A failure to think
From a commentary Jonathan Steele wrote for the Guardian.
Many critics blame the occupation's difficulties on a lack of planning, and a series of mistakes in the first few months, including the disbanding of the Iraqi army and failures to provide Iraqi with electricity and water. The line is summed up in the phrase "Winning the war but losing the peace".
But this assumes that a more intelligent and efficient occupation could have worked. It is an extraordinary notion. Like other Arabs, Iraqis have a long memory of US and British intervention in the Middle East, toppling regimes and controlling puppet governments, both to maintain an imperial presence and for the sake of oil. As soon as the Americans made it clear in mid-2003 that their occupation was going to be openended and without a timetable for troop withdrawal, Iraqi nationalists were bound to become suspicious and start resisting.
Yet L Paul Bremer, Iraq's American overlord, as well as his political masters in Washington, used the template of the occupations of Germany and Japan in 1945. They seemed to forget they were occupying an Arab country with a long history of anti-western resistance.
Upon reading that last paragraph, an educated reader, one with a passing knowledge of the history of Iraq and neighboring countries, would probably say something like "No shit, Sherlock. Who wouldn't know that would be a bad idea?" That reader would then remember, "Oh yeah, the leaders of two of the most powerful nations in the world couldn't figure it out."
That's what this whole blog is about. I've touched on related issues, like the wisdom of engaging in colonial foreign policy altogether, but the main focus has always been on the fact that the people put in charge of sending my country's soldiers to war were profoundly ignorant of the people they intended to make war on. But worse than that is that the press in my country has barely discussed this; that's why I mostly quote British sources. Even worse than that is that the opposition political party has discussed it only slightly more.
Other Iraqi exiles, as well as foreign experts on the country, had seen the danger well before the invasion. They tried to warn Bush and Blair that there would be resentment and resistance. Saddam could be toppled easily, but this would not be victory. As long as the occupation continued, it would provoke suspicion and hostility which could quickly lead to an armed insurgency.
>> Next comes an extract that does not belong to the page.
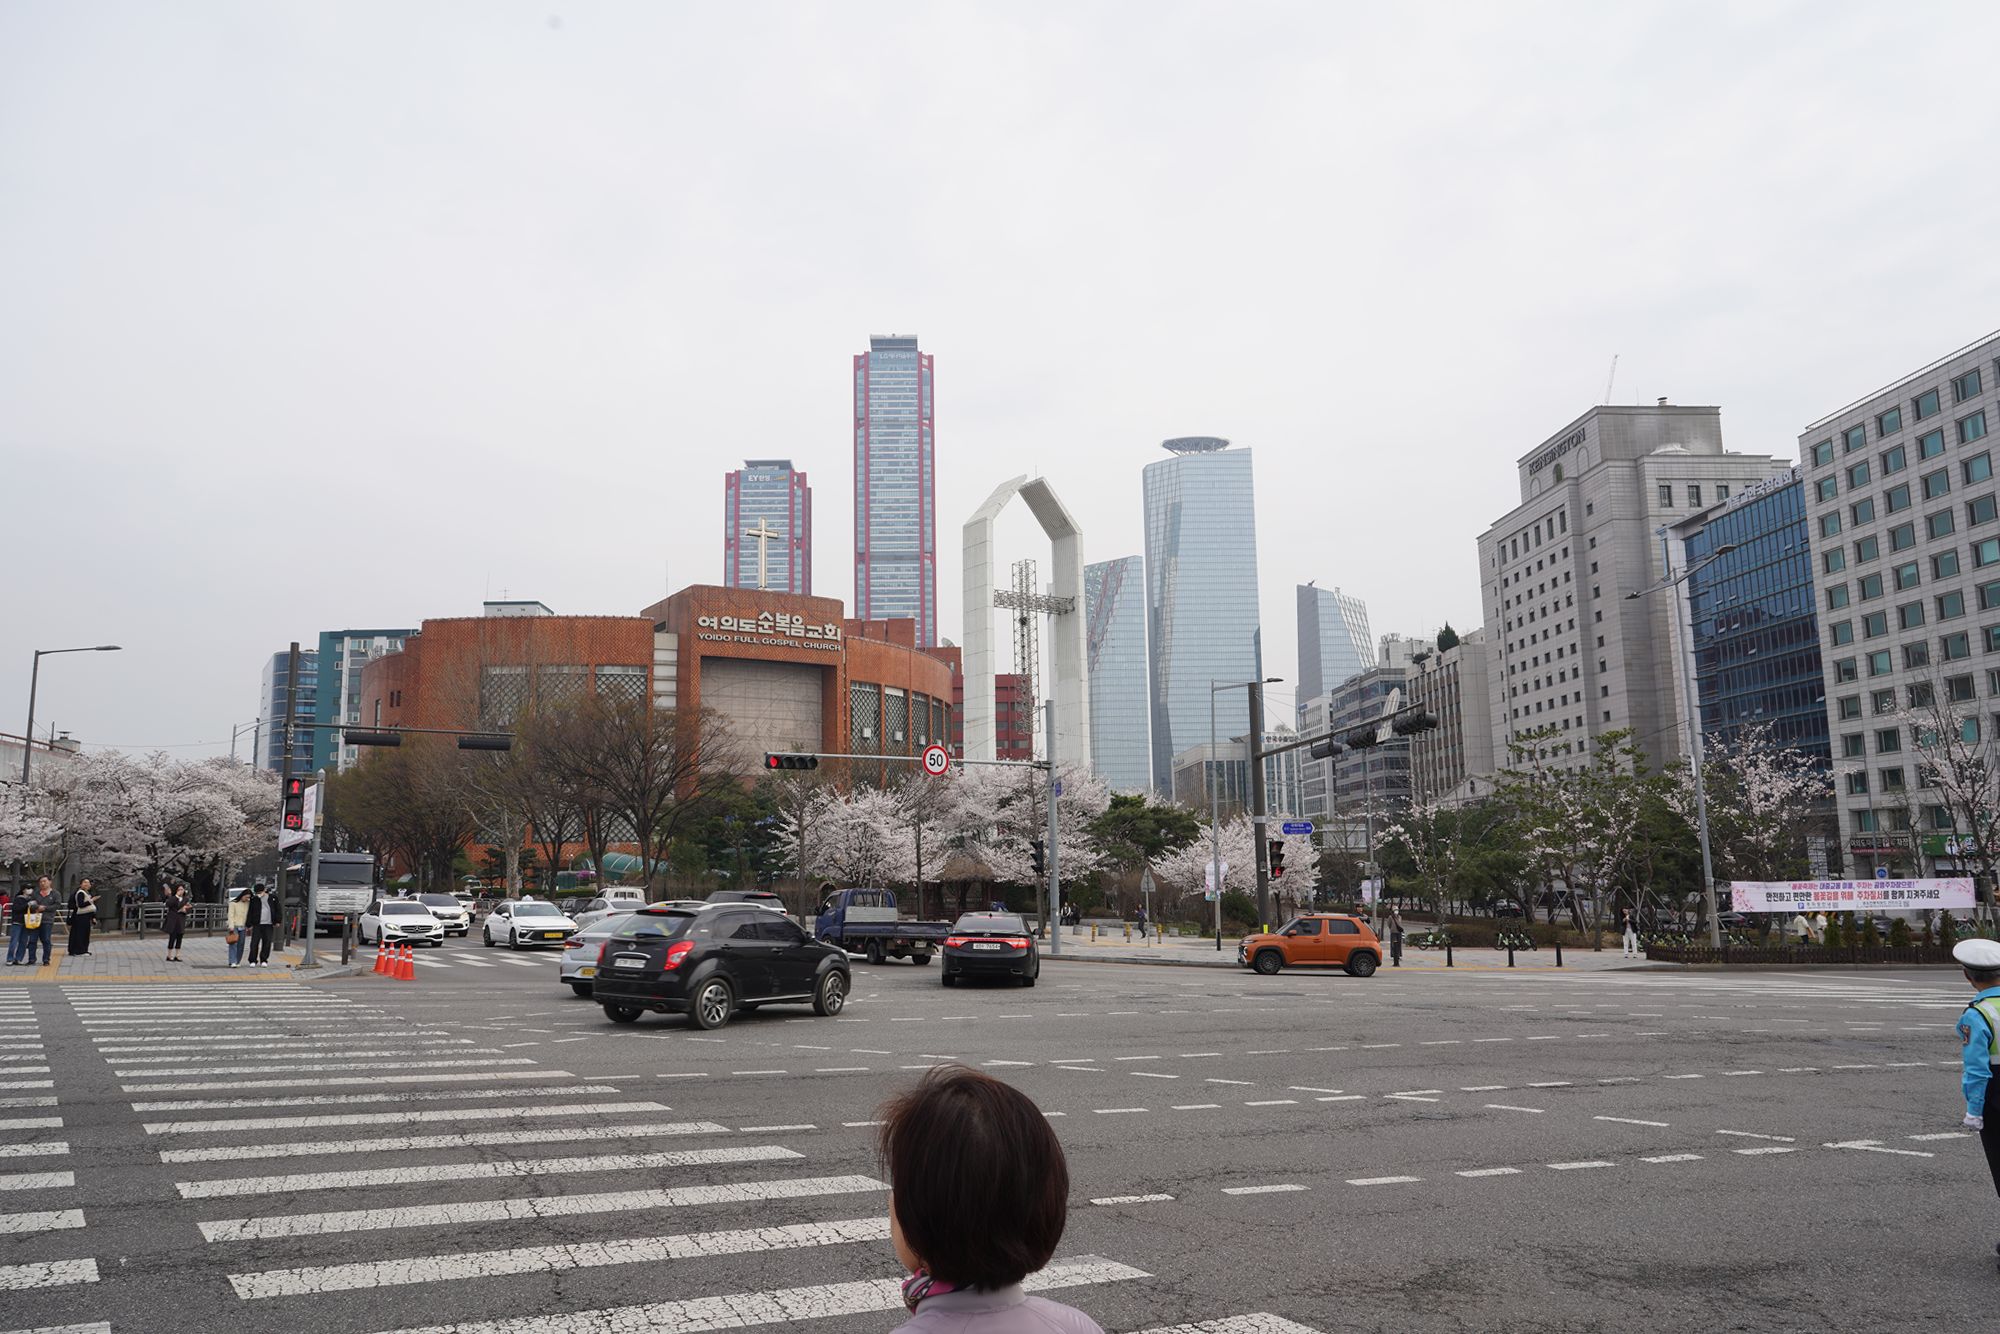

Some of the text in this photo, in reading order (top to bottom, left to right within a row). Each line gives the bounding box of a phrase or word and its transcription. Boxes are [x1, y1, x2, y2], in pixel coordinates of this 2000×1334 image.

They also pointed out that the people who would fill the post-Saddam vacuum would be Islamists, both Shia and Sunni. Whatever political structures were put in place, these anti-western groups would become the dominant force. Amazingly, few people in the Bush administration or in the British Foreign Office got the point. Much attention has been given to Washington's failures of military intelligence in believing Saddam still had weapons of mass destruction. The failure of political intelligence was equally disastrous. Put another way, the invaders' real problem was not a lack of planning, but a lack of analysis.